Records to use START

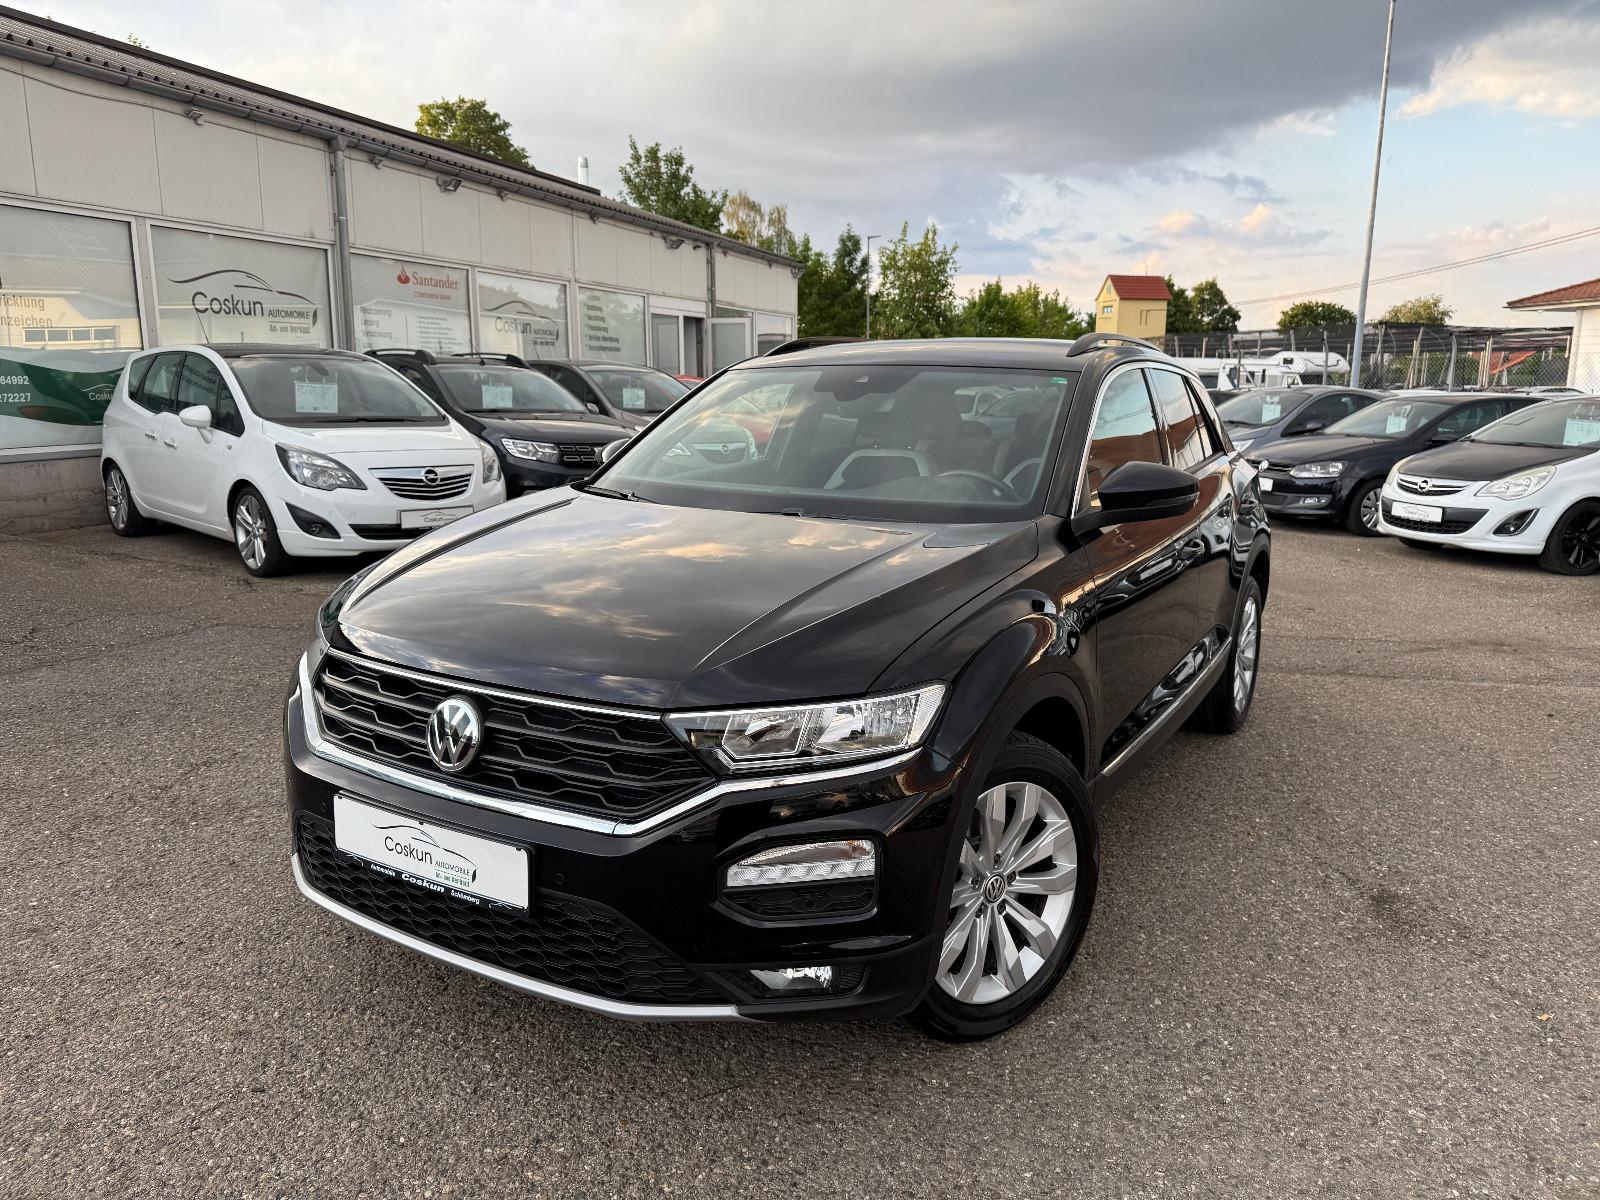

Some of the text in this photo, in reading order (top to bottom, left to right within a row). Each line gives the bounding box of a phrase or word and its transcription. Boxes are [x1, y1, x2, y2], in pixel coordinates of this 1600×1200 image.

[412, 271, 458, 290] Santander
[0, 295, 45, 311] icklung
[192, 291, 309, 320] Coskun AUTOMOBILE
[0, 314, 53, 328] nzeichen
[494, 316, 532, 335] Coskun
[384, 836, 433, 865] Coskun
[401, 873, 445, 893] Coskun

Records to use END

### Work item
In your copy of the listing, please omit the pictures and keep every word exact.

### Task answer
Some of the text in this photo, in reading order (top to bottom, left to right within a row). Each line gives the bounding box of a phrase or word and its transcription. Boxes are [x1, y1, x2, y2], in pixel coordinates of this 1600×1200 image.

[412, 271, 458, 290] Santander
[0, 295, 45, 311] icklung
[192, 291, 309, 320] Coskun AUTOMOBILE
[0, 314, 53, 328] nzeichen
[494, 316, 532, 335] Coskun
[384, 836, 433, 865] Coskun
[401, 873, 445, 893] Coskun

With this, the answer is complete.